Data shown -
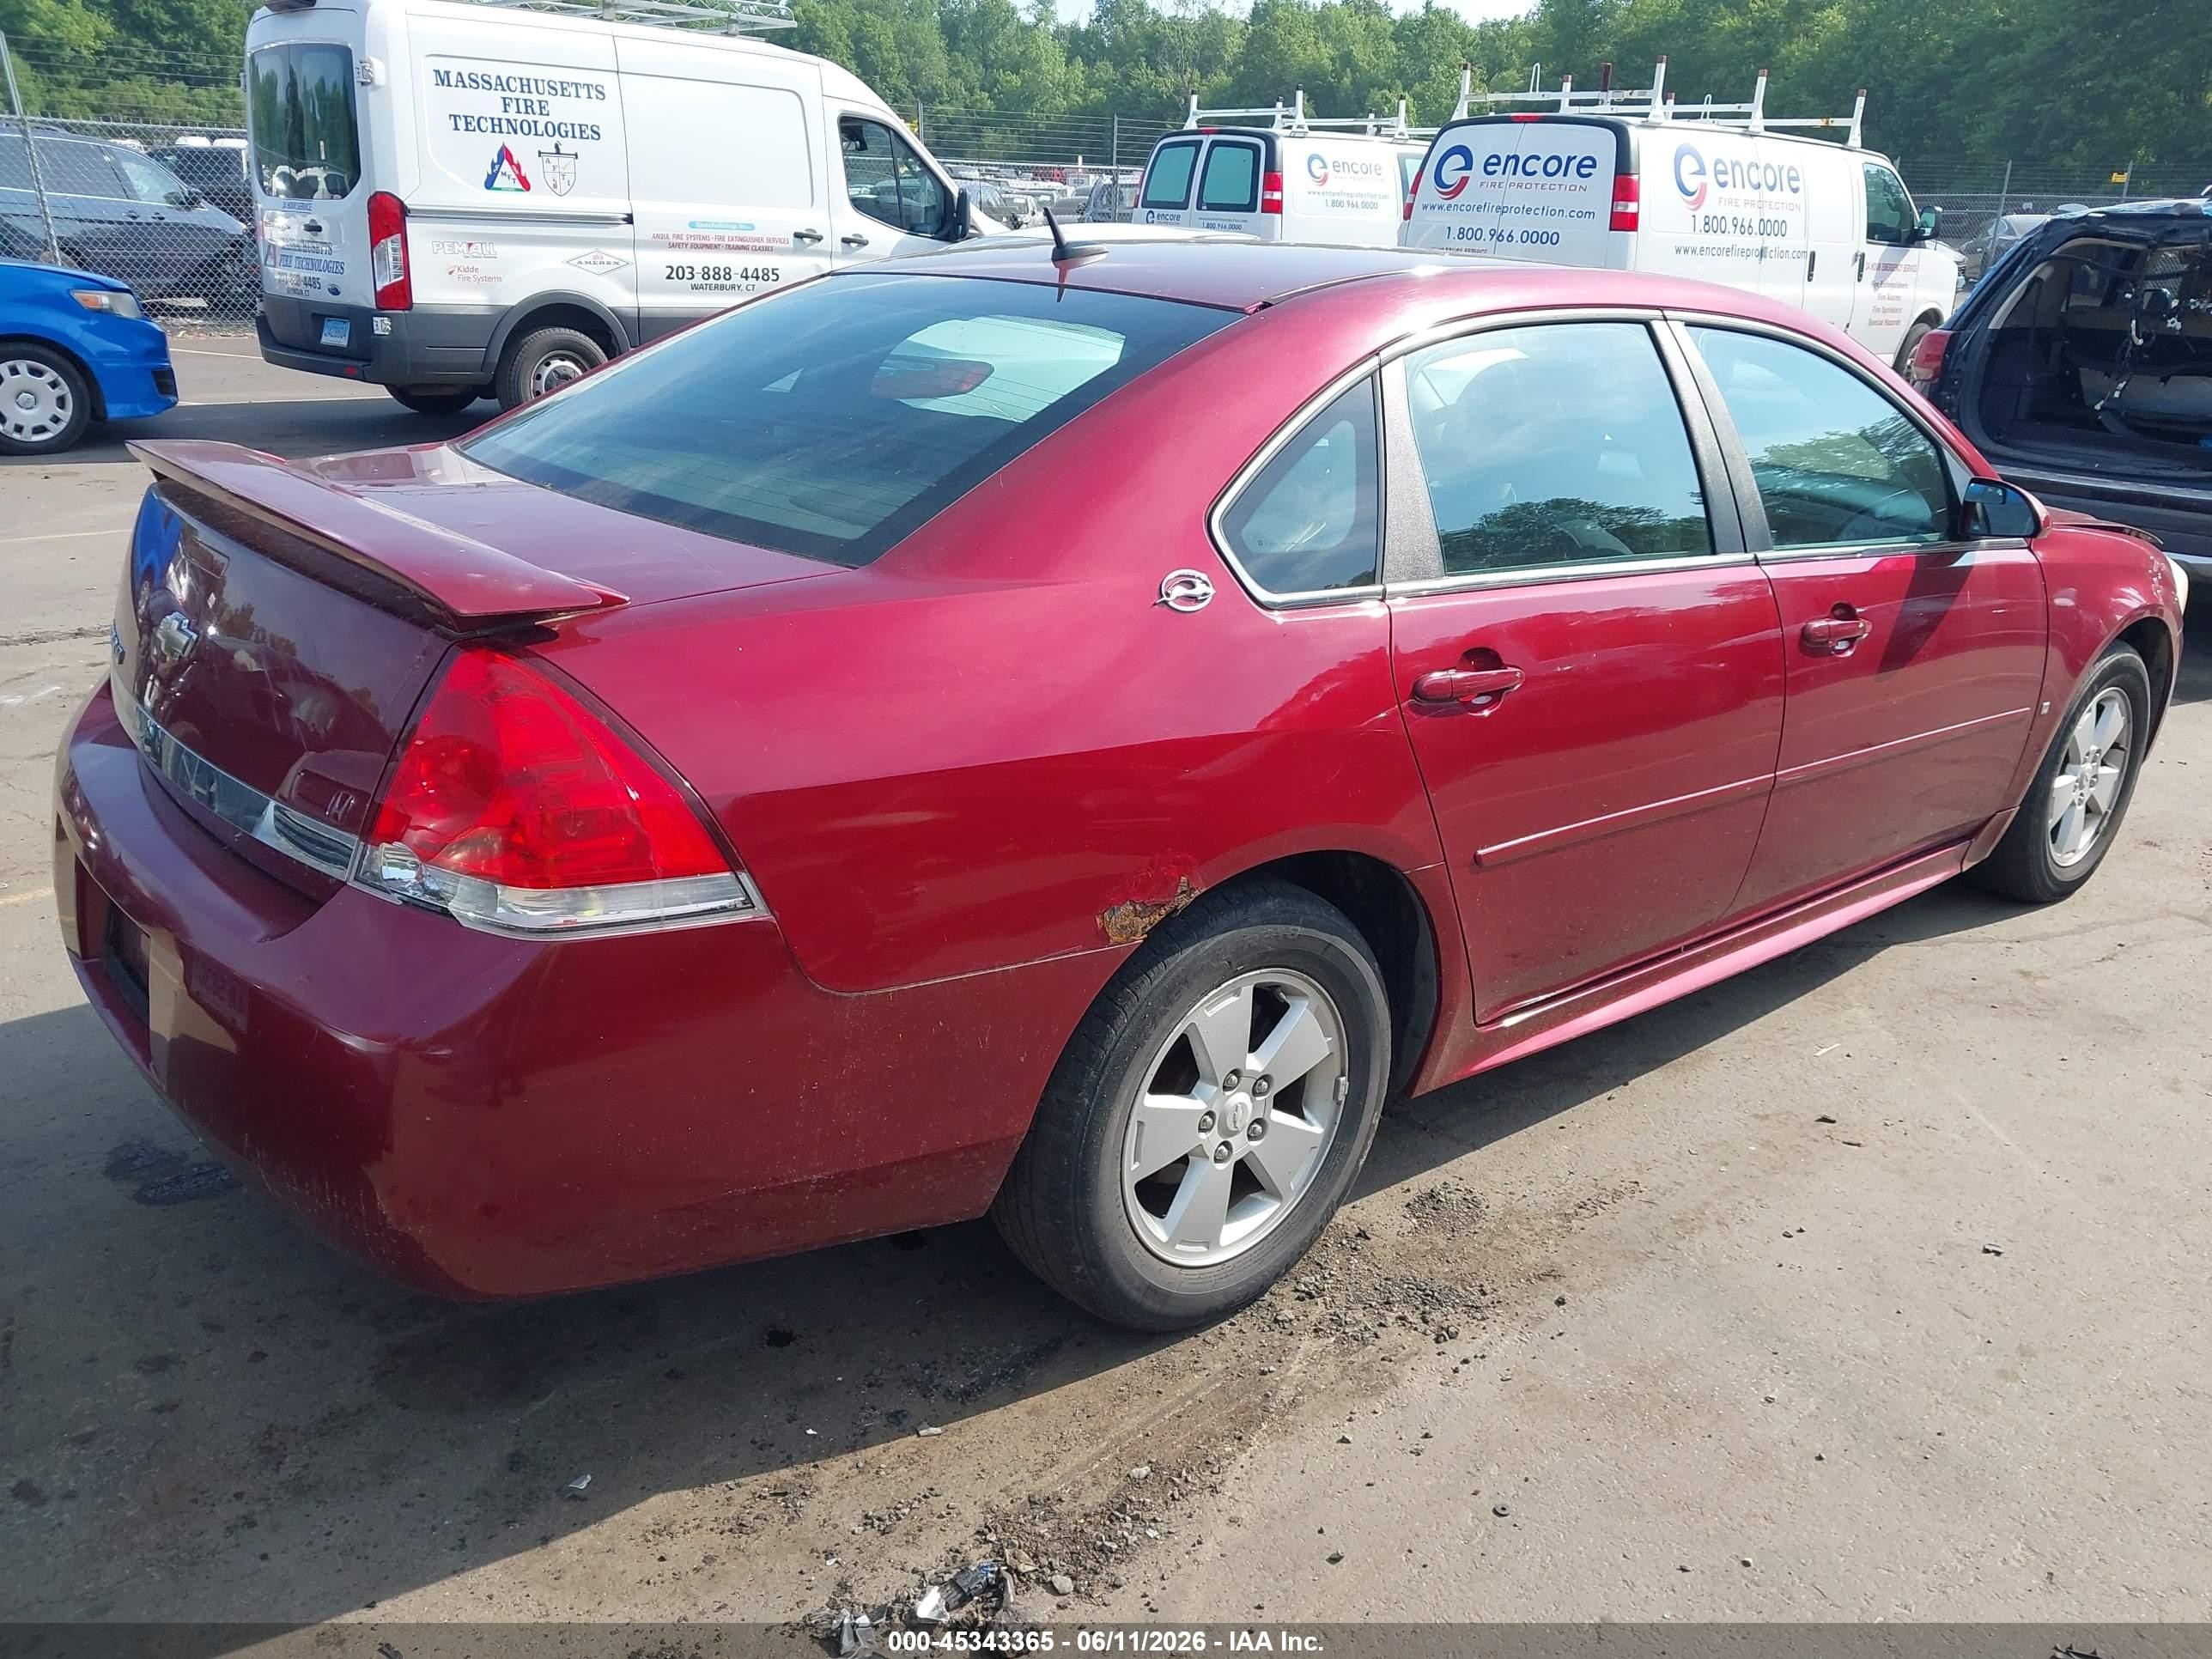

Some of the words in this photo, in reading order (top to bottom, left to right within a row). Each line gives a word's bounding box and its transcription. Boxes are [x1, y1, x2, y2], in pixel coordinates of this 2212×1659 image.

[433, 69, 605, 100] MASSACHUSETTS
[501, 96, 550, 116] FIRE
[449, 113, 600, 141] TECHNOLOGIES
[1332, 161, 1382, 176] encore
[1483, 153, 1597, 179] encore
[1714, 158, 1801, 193] encore
[1508, 182, 1588, 192] PROTECTION
[1422, 202, 1595, 220] www.encorefireprotection.com
[1718, 198, 1740, 207] FIRE
[1744, 199, 1801, 211] PROTECTION
[1157, 213, 1181, 222] encore
[1692, 215, 1787, 237] 1.800.966.0000
[728, 235, 763, 244] EXTINGUISHER
[1445, 227, 1560, 246] 1.800.966.0000
[1675, 245, 1808, 260] www.encorefireproction.com
[279, 254, 293, 267] FIRE
[294, 256, 345, 275] TECHNOLOGIES
[457, 264, 479, 273] Kidde
[473, 274, 502, 284] Systems
[665, 265, 780, 282] 203-888-4485
[690, 283, 743, 292] WATERBURY,

Task item -
Images in the records must not be repeated; everything else should be returned exactly.

Answer to this exercise -
Some of the words in this photo, in reading order (top to bottom, left to right within a row). Each line gives a word's bounding box and its transcription. Boxes are [x1, y1, x2, y2], in pixel coordinates of this 2212×1659 image.

[433, 69, 605, 100] MASSACHUSETTS
[501, 96, 550, 116] FIRE
[449, 113, 600, 141] TECHNOLOGIES
[1332, 161, 1382, 176] encore
[1483, 153, 1597, 179] encore
[1714, 158, 1801, 193] encore
[1508, 182, 1588, 192] PROTECTION
[1422, 202, 1595, 220] www.encorefireprotection.com
[1718, 198, 1740, 207] FIRE
[1744, 199, 1801, 211] PROTECTION
[1157, 213, 1181, 222] encore
[1692, 215, 1787, 237] 1.800.966.0000
[728, 235, 763, 244] EXTINGUISHER
[1445, 227, 1560, 246] 1.800.966.0000
[1675, 245, 1808, 260] www.encorefireproction.com
[279, 254, 293, 267] FIRE
[294, 256, 345, 275] TECHNOLOGIES
[457, 264, 479, 273] Kidde
[473, 274, 502, 284] Systems
[665, 265, 780, 282] 203-888-4485
[690, 283, 743, 292] WATERBURY,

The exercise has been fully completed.